The Biosphere - Part 2
Yesterday I discussed the external structure of The Biosphere but today, I want to take you deep inside the structure. As you may remember I started by creating a utility tower – a hexagonal concrete structure with a massive foundation. As noted, the lower level was a giant cistern providing both water storage and treatment which feeds a series of surface pools in the plaza area for interest, cooling and humidification. The upper levels of the utility tower feature mechanical rooms, an electrical room, and is topped by the ventilation control room- essentially pair of “rooftop” commercial HVAC units in a large, louvered room which help control the atmosphere in the huge open space. The tower also serves as the structural core of the biosphere, its six corners supporting huge open trusses which span across the open communal space to the two-story living units. The center of the dome is just that – a dome of insulated glass panels, each a triangle and each tying in to the triangles around it. They arch gently as they soar three stories above the communal open space and provide weather protection as well as a control surface for solar gain. In desert communities, a low-e filmed glass will keep excess sun out while in arctic communities, clear solar glass can be used to allow as much solar energy into the biosphere as is desired.

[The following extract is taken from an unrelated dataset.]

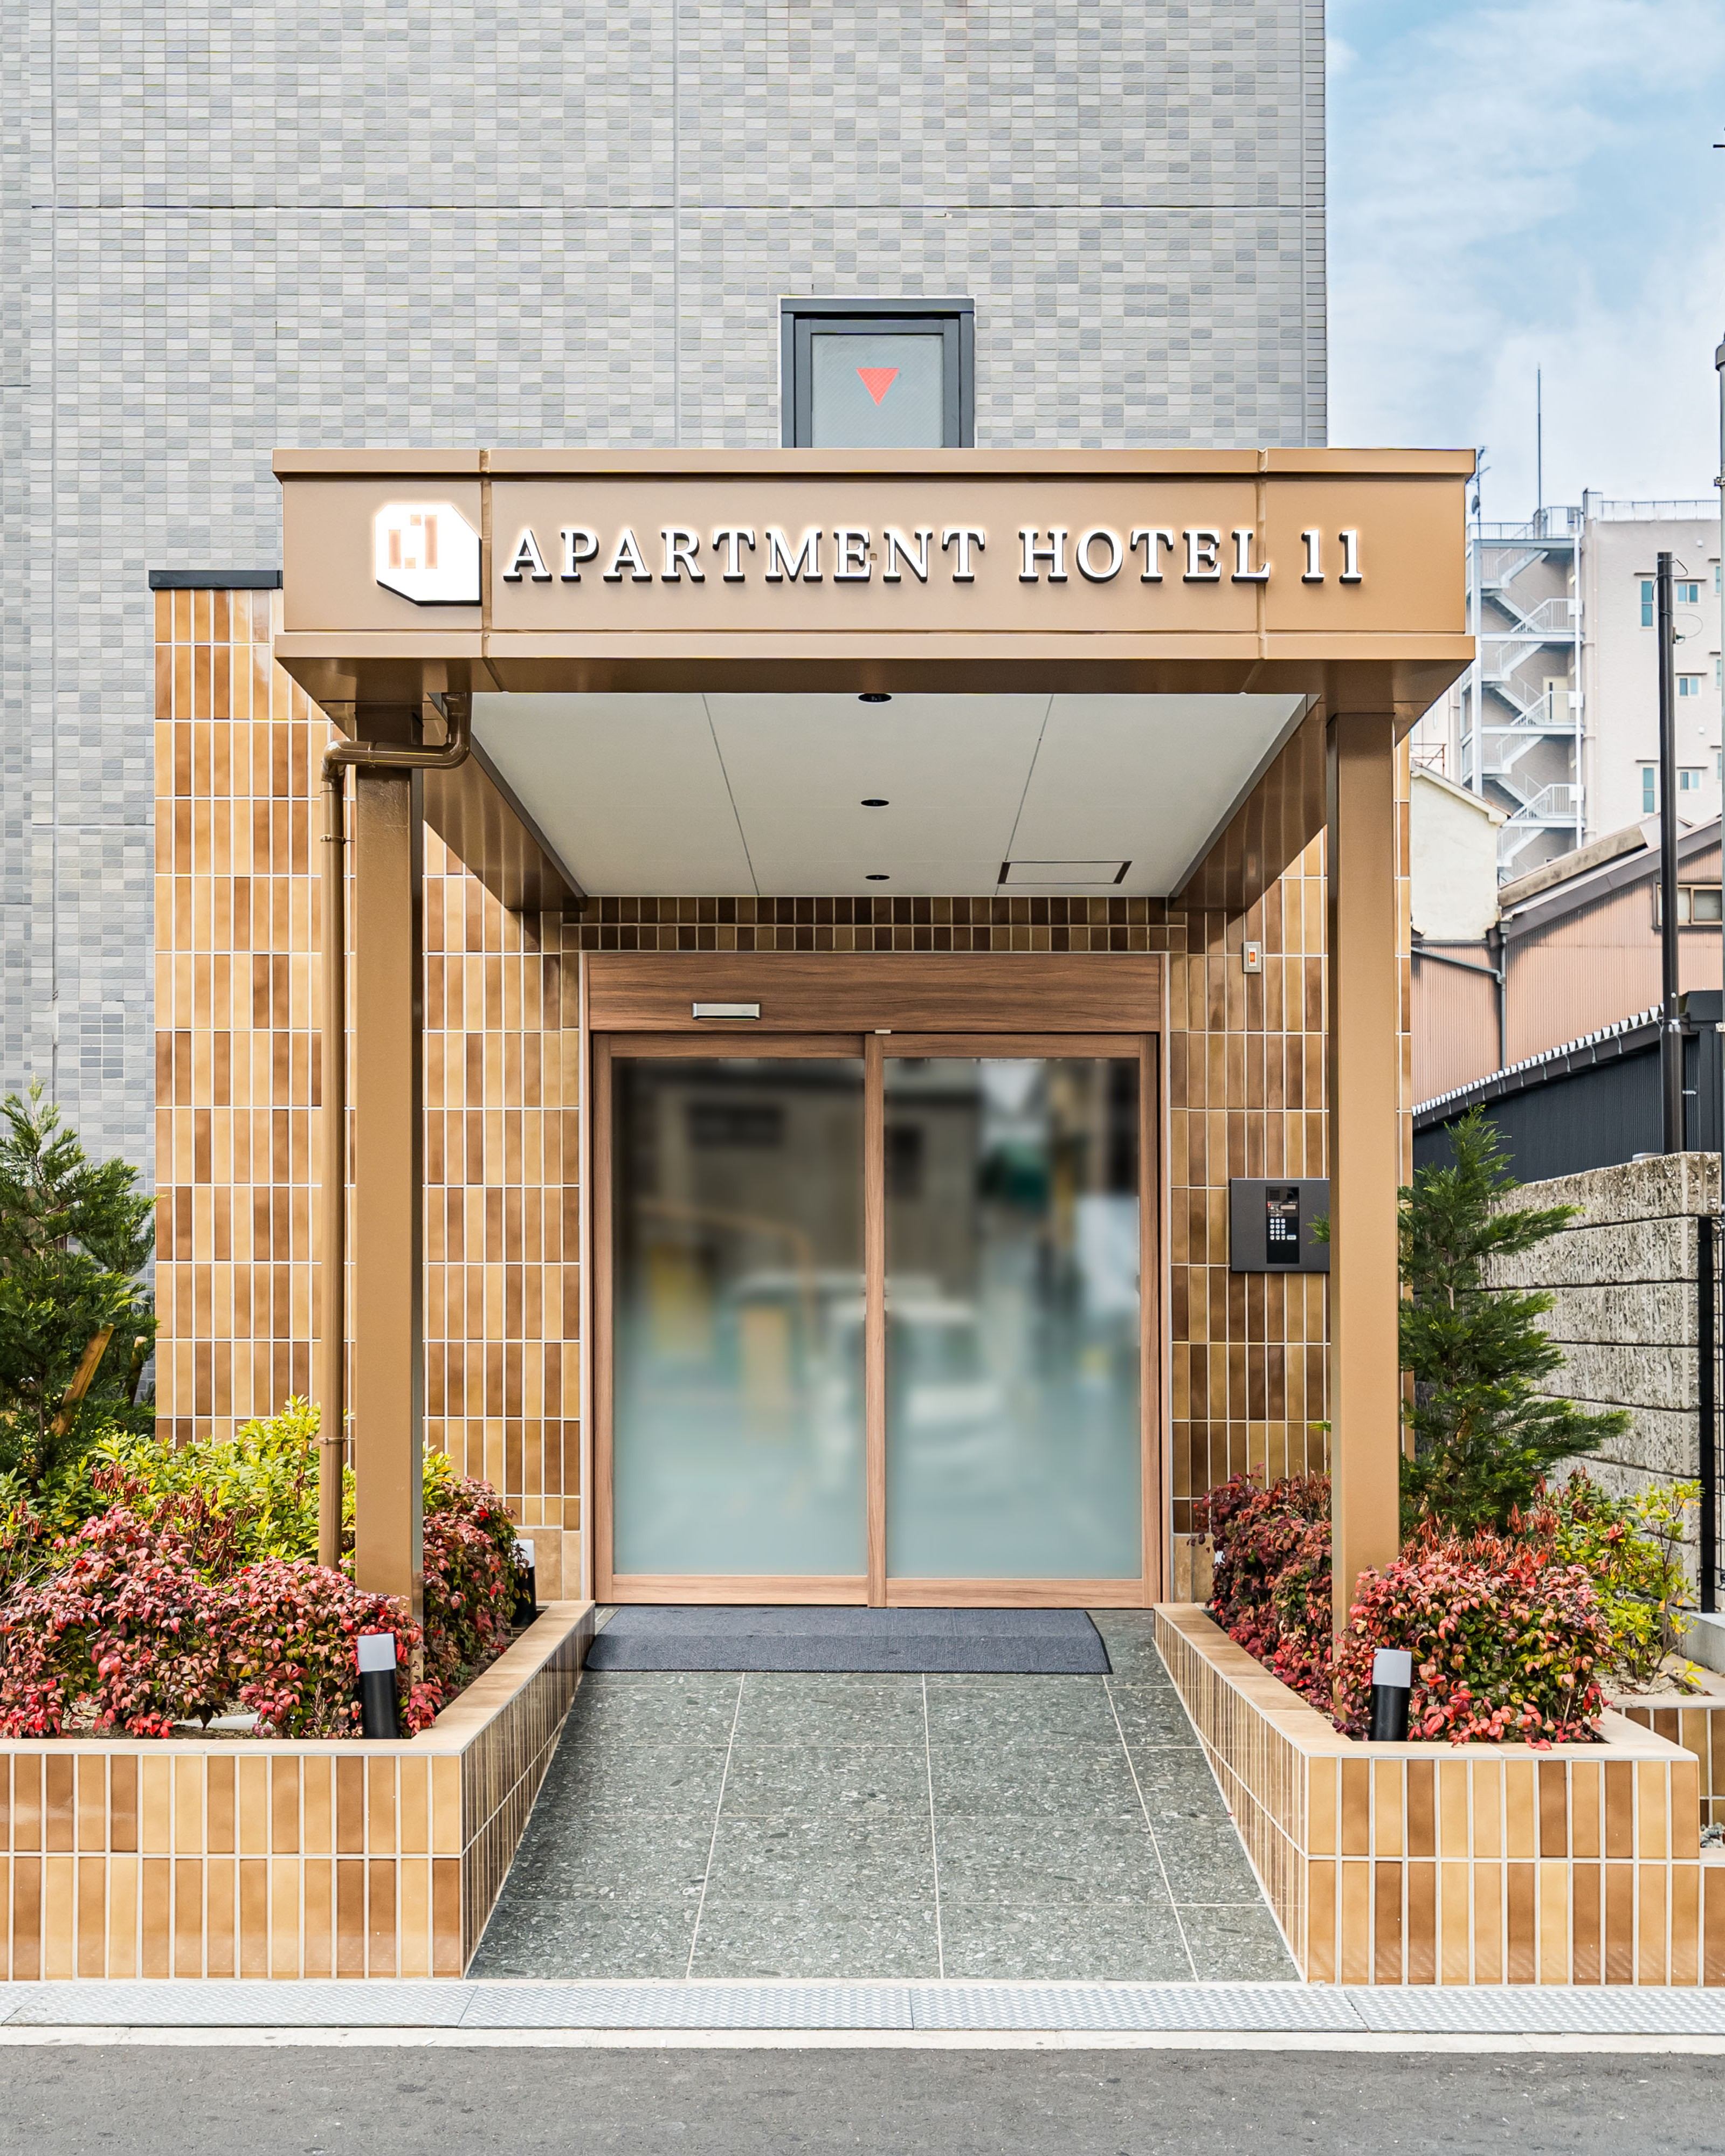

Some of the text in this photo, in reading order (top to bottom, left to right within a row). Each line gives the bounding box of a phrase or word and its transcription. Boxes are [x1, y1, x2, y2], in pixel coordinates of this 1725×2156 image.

[502, 528, 1363, 584] APARTMENT HOTEL 11

Some pods on the inner, lower level are service pods – community stores, infirmary, meeting rooms, etc. Walkways running around the inner ring of the living units provide access to the units, act as deck space and provide maintenance access to the upper level where additional equipment is located. But down below is the fun stuff – stepping through the ring of habitation pods from the outside, passing under the second floor units and popping out into a park-like setting with soaring glass lid is a flying experience even the Wright brothers would have been envious of! I have done it digitally, and it is pretty cool.
The park-like setting is rich in plants and trees chosen for their durability, low-water use, ability to cool through transpiration (some trees do this better than others) and possibly even their ability to bear fruit. In the small villages in Alaska, fresh fruits and vegetables are a rare commodity so this would be a major component in selecting greenery. Walking paths of recycled shipping and construction materials appear to meander through the park, but are carefully laid out to minimize landscape damage from occupants short-cutting from one spot to another. A central plaza surrounded by trees feeds off of the cascading pools of collected water, with tables and hardscape to support community gathering. A communal garden space is blocked out, with room to grow, and a kids’ play area aims to keep kids from trying to climb out onto the roof trusses overhead.
There is a lot of potential for a modular community such as this and there are certainly ideas out there which can improve upon what we have developed here, so we look forward to hearing from you!